Study material =>
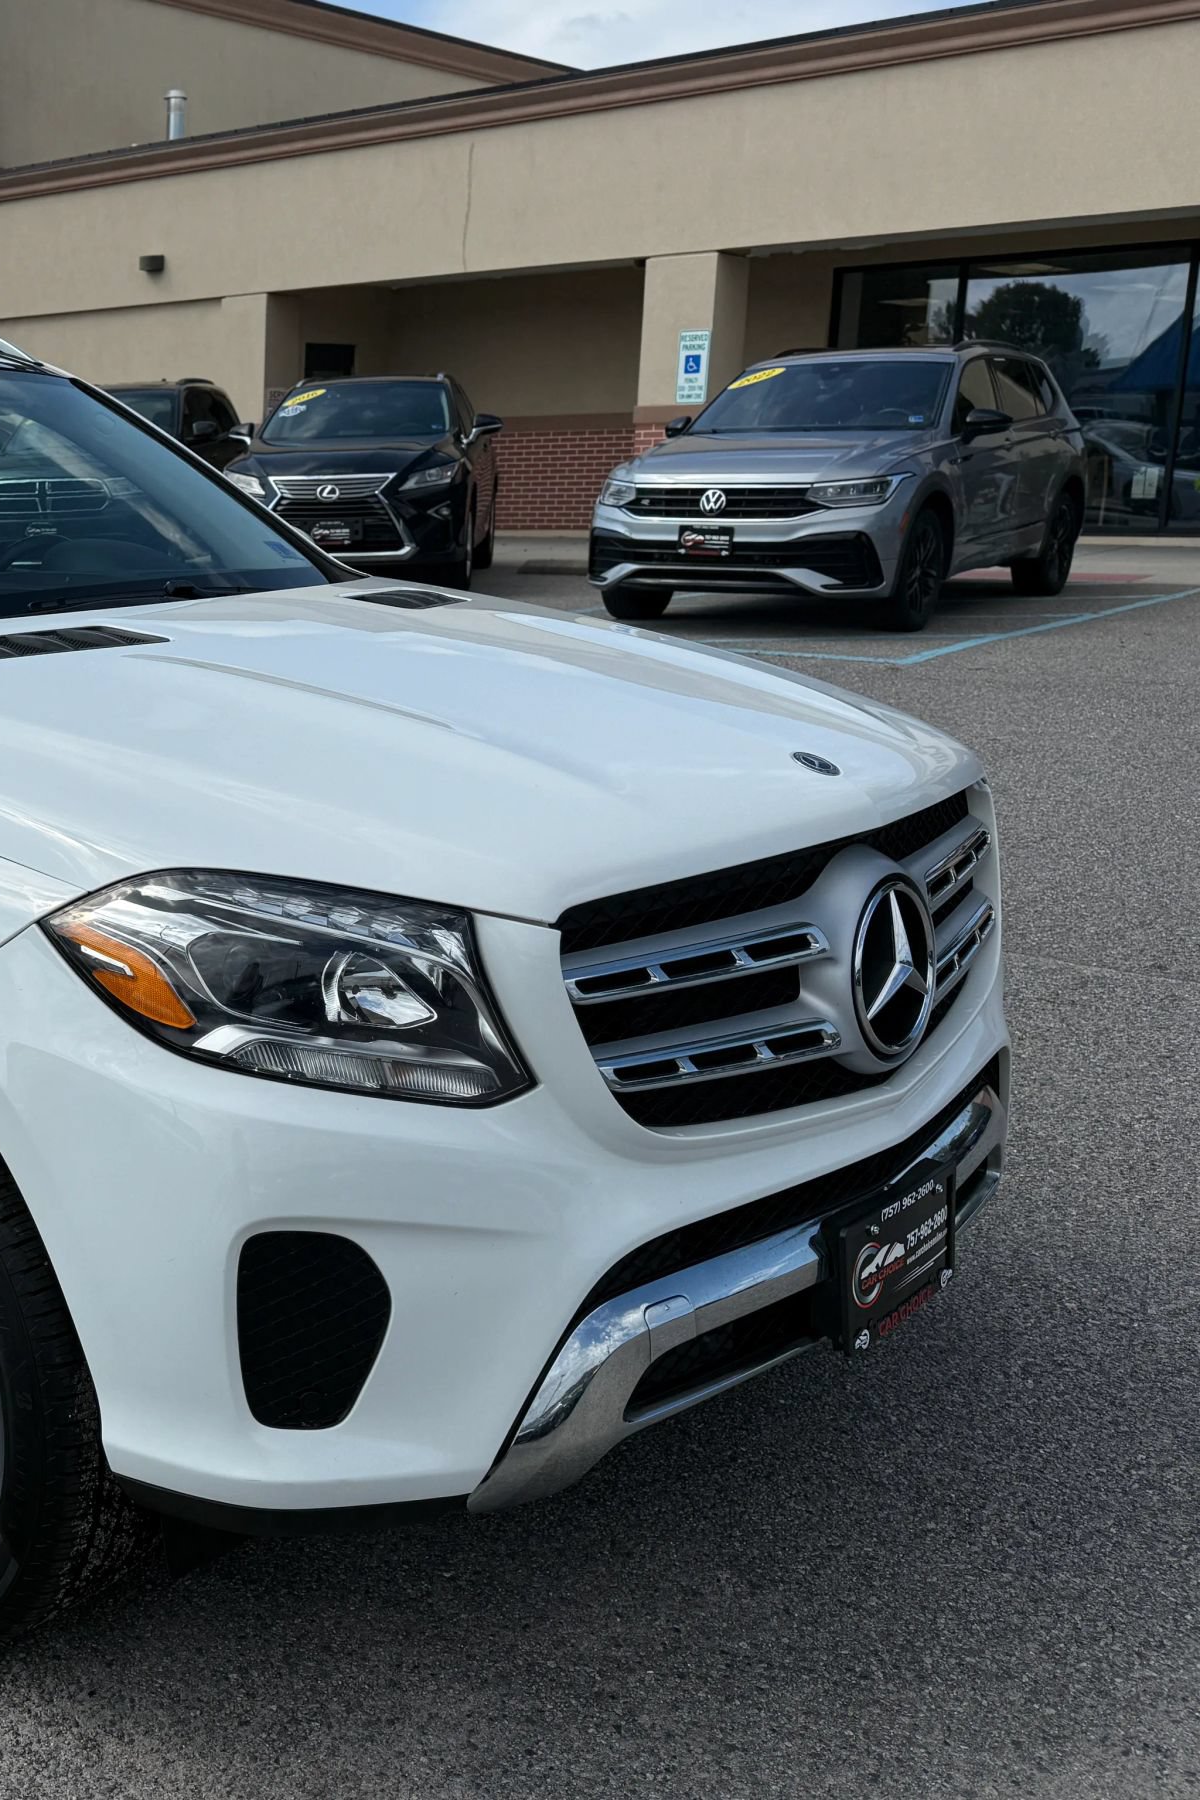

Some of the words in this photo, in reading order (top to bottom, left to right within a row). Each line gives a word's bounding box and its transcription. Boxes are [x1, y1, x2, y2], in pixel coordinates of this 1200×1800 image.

[682, 343, 705, 352] PARKING
[881, 1200, 901, 1222] (757)
[902, 1179, 934, 1210] 962-2600
[879, 1311, 900, 1336] CAR
[900, 1284, 935, 1319] CHOICE
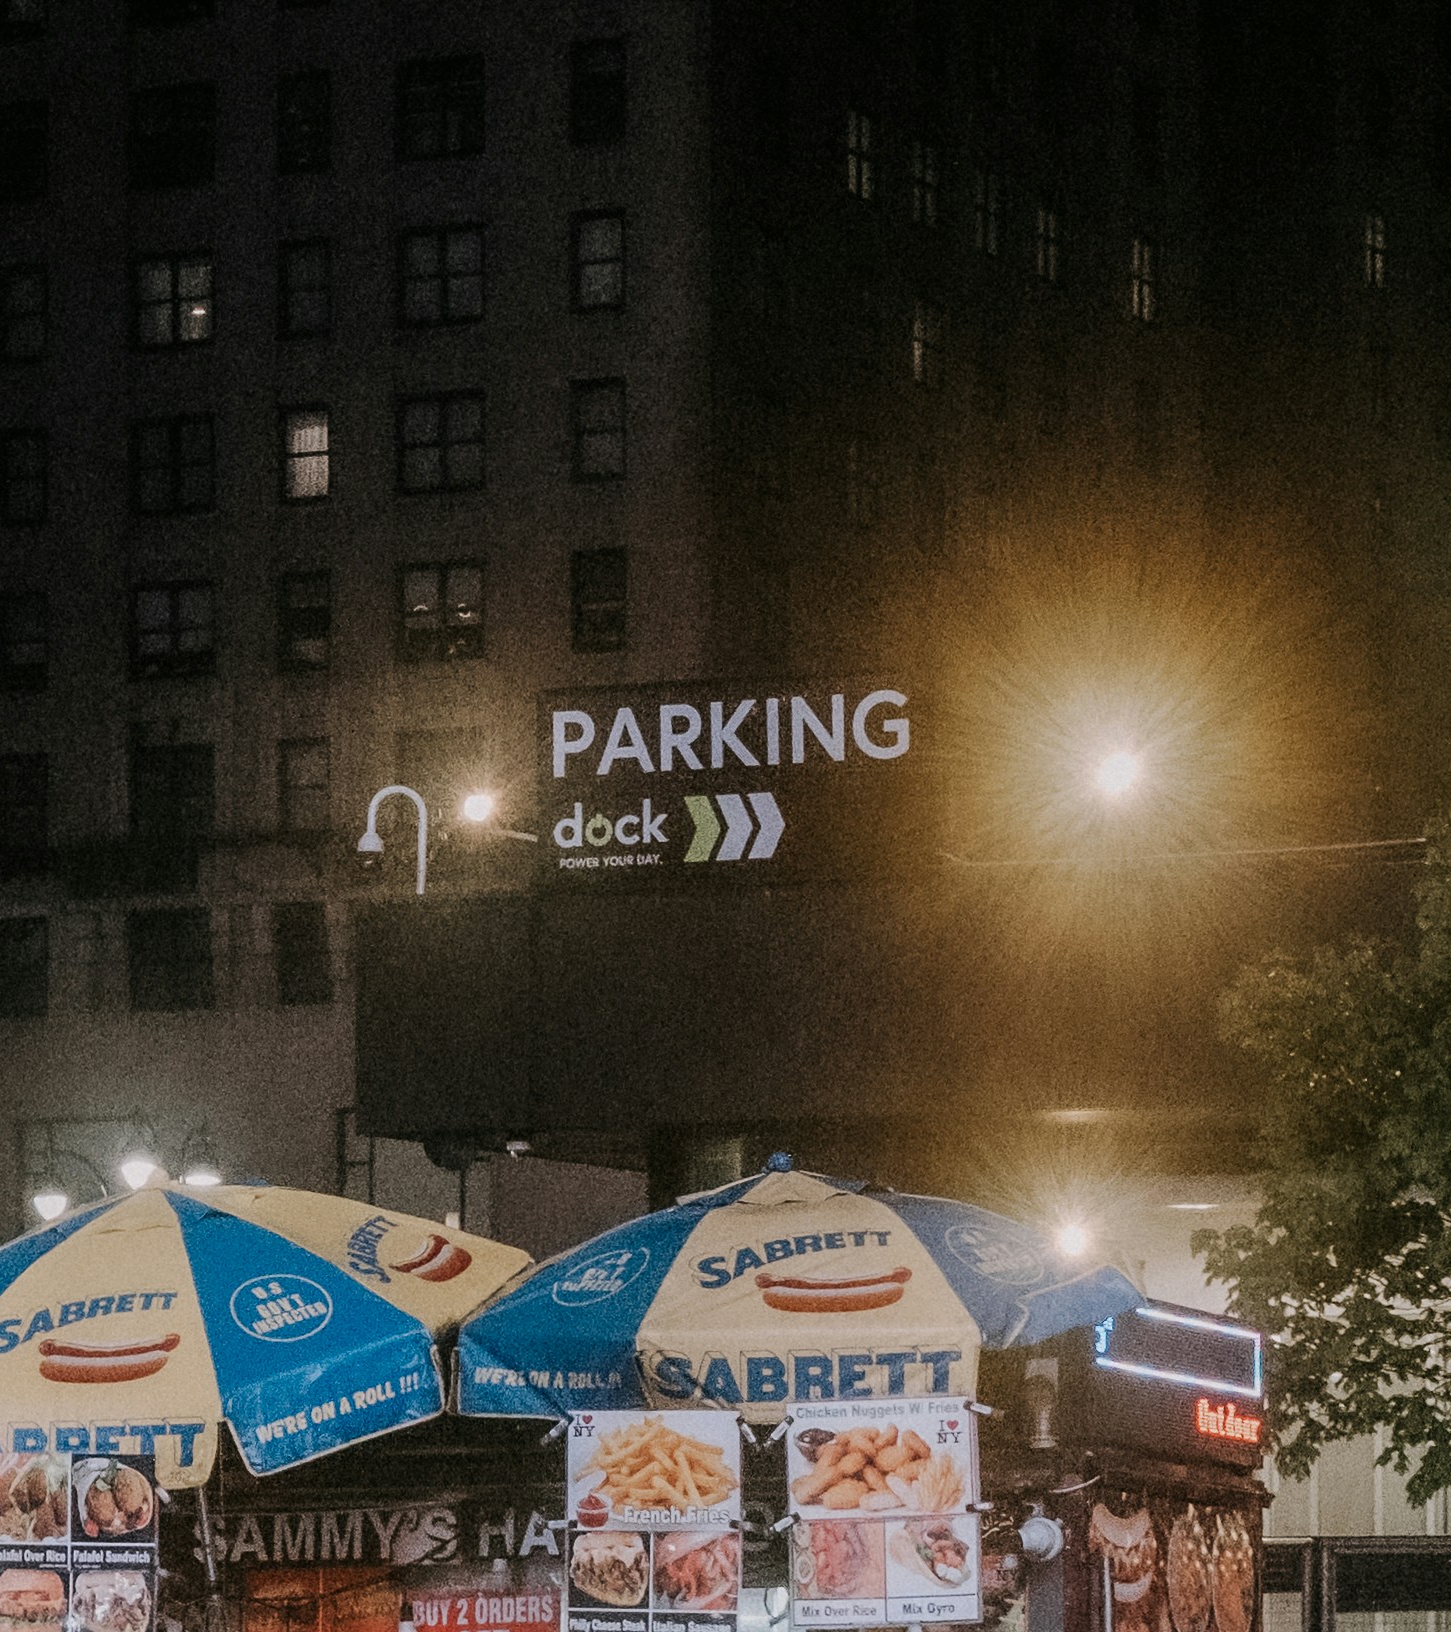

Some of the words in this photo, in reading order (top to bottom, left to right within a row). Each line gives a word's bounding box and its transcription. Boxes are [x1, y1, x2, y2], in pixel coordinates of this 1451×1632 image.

[552, 689, 911, 778] PARKING
[553, 798, 670, 849] dock
[559, 857, 599, 870] POWER
[603, 854, 634, 867] YOUR
[347, 1214, 399, 1284] SABRETT
[697, 1229, 893, 1289] SABRETT
[252, 1301, 328, 1335] INSPECTED
[552, 1371, 564, 1390] A
[653, 1350, 963, 1403] SABRETT
[255, 1416, 308, 1445] WE'RE
[311, 1403, 336, 1424] ON
[339, 1396, 352, 1416] A
[352, 1380, 396, 1410] ROLL
[796, 1405, 848, 1420] Chicken
[850, 1404, 906, 1420] Nuggets
[927, 1402, 960, 1416] Fries
[573, 1424, 596, 1438] NY
[936, 1431, 962, 1445] NY
[623, 1505, 681, 1525] French
[687, 1506, 731, 1526] Fries
[193, 1507, 459, 1566] SAMMY'S
[23, 1549, 44, 1563] Over
[46, 1549, 67, 1563] Rice
[73, 1549, 103, 1563] Falafel
[104, 1549, 151, 1564] Sandwich
[412, 1599, 450, 1627] BUY
[456, 1599, 470, 1625] 2
[474, 1596, 555, 1625] ORDERS
[801, 1605, 820, 1617] Mix
[824, 1604, 849, 1617] Over
[852, 1604, 877, 1617] Rice
[901, 1602, 923, 1615] Mix
[926, 1602, 955, 1618] Gyro
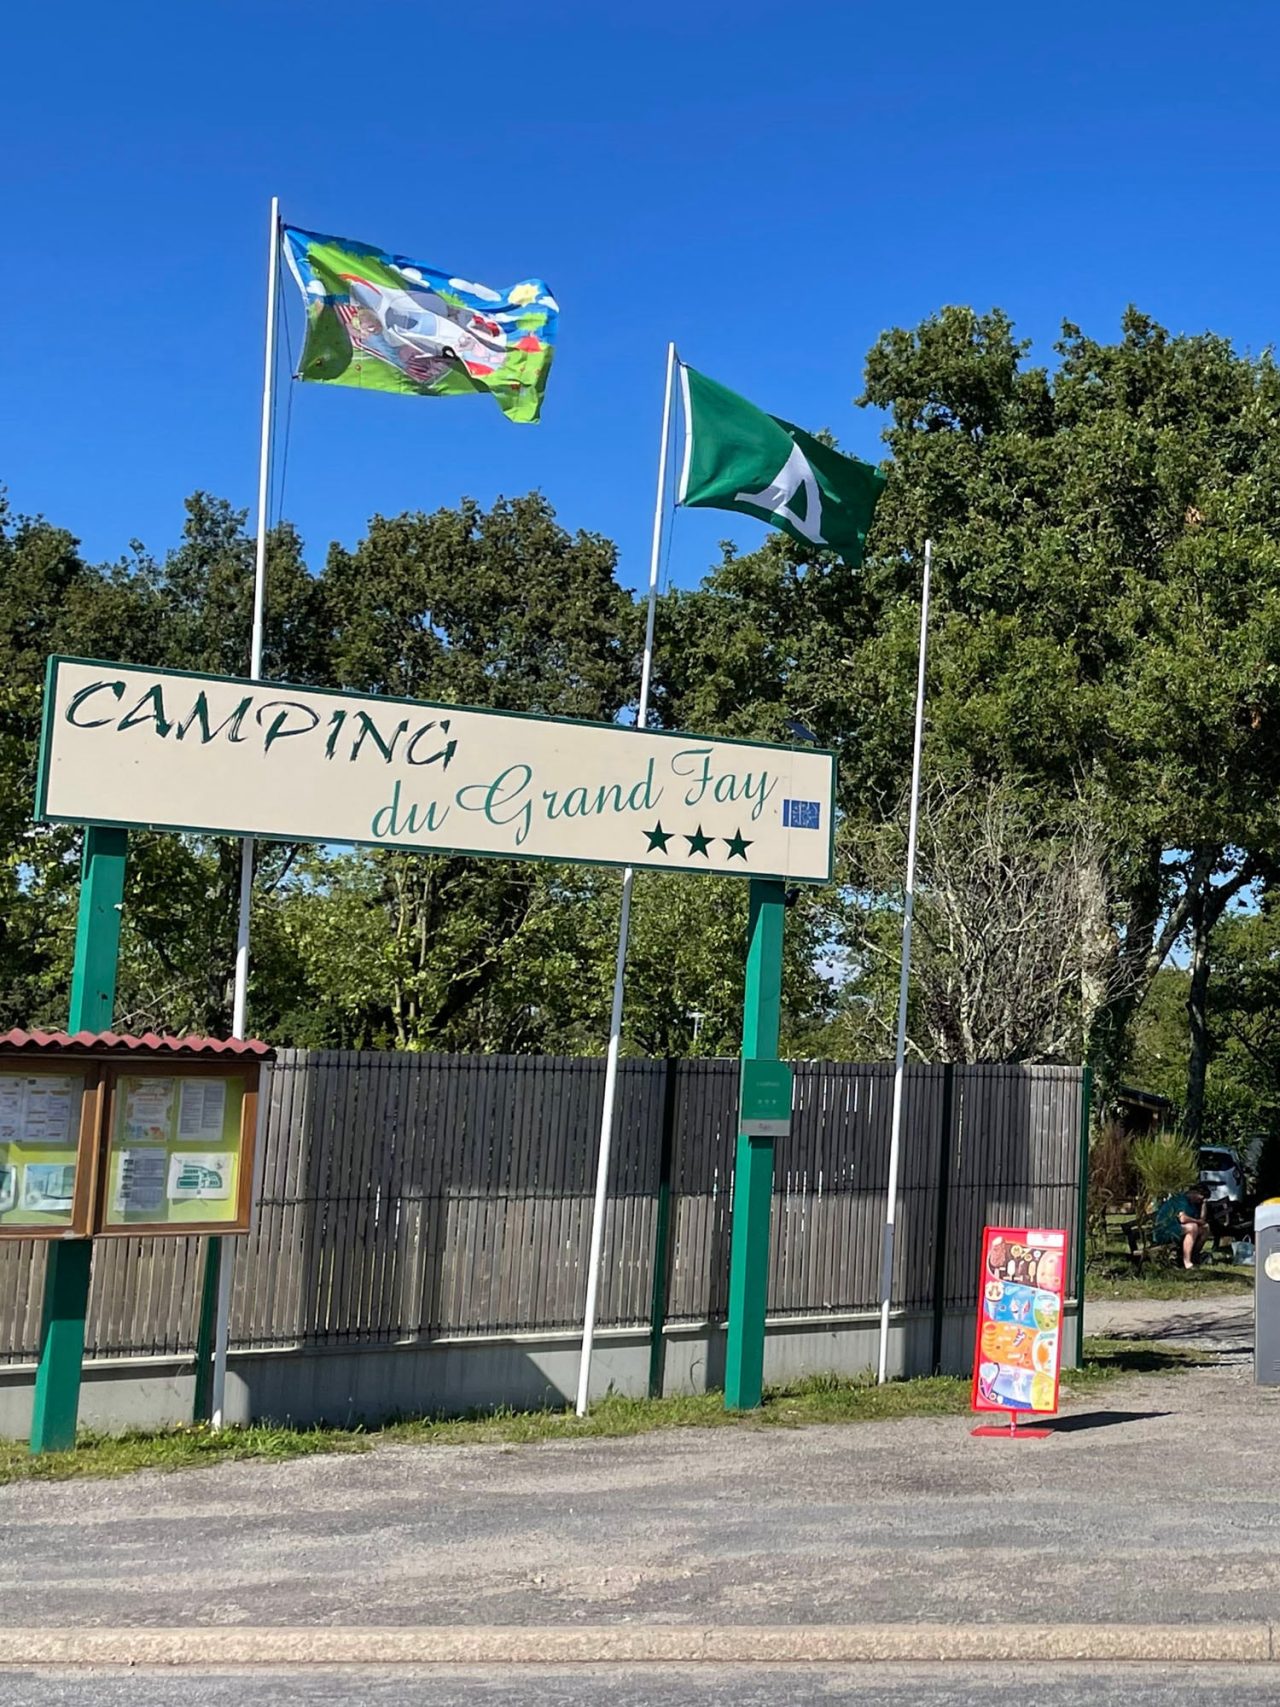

Work order =>
Give back the entries verbatim but drop every picture.

Response to the exercise =>
Some of the words in this photo, in reading order (top to bottom, left to right within a row). Each line gives a word's bounding box and its transcription. Boxes are [x1, y1, x2, y2], in pixel coordinates of this 1200×1800 image.

[682, 343, 705, 352] PARKING
[881, 1200, 901, 1222] (757)
[902, 1179, 934, 1210] 962-2600
[879, 1311, 900, 1336] CAR
[900, 1284, 935, 1319] CHOICE

Some of the words in this photo, in reading order (top to bottom, left to right within a row). Each line gives a word's bounding box and its transcription. Boxes are [x1, y1, x2, y2], in pixel coordinates of this 1451×1632 image.

[552, 689, 911, 778] PARKING
[553, 798, 670, 849] dock
[559, 857, 599, 870] POWER
[603, 854, 634, 867] YOUR
[347, 1214, 399, 1284] SABRETT
[697, 1229, 893, 1289] SABRETT
[252, 1301, 328, 1335] INSPECTED
[552, 1371, 564, 1390] A
[653, 1350, 963, 1403] SABRETT
[255, 1416, 308, 1445] WE'RE
[311, 1403, 336, 1424] ON
[339, 1396, 352, 1416] A
[352, 1380, 396, 1410] ROLL
[796, 1405, 848, 1420] Chicken
[850, 1404, 906, 1420] Nuggets
[927, 1402, 960, 1416] Fries
[573, 1424, 596, 1438] NY
[936, 1431, 962, 1445] NY
[623, 1505, 681, 1525] French
[687, 1506, 731, 1526] Fries
[193, 1507, 459, 1566] SAMMY'S
[23, 1549, 44, 1563] Over
[46, 1549, 67, 1563] Rice
[73, 1549, 103, 1563] Falafel
[104, 1549, 151, 1564] Sandwich
[412, 1599, 450, 1627] BUY
[456, 1599, 470, 1625] 2
[474, 1596, 555, 1625] ORDERS
[801, 1605, 820, 1617] Mix
[824, 1604, 849, 1617] Over
[852, 1604, 877, 1617] Rice
[901, 1602, 923, 1615] Mix
[926, 1602, 955, 1618] Gyro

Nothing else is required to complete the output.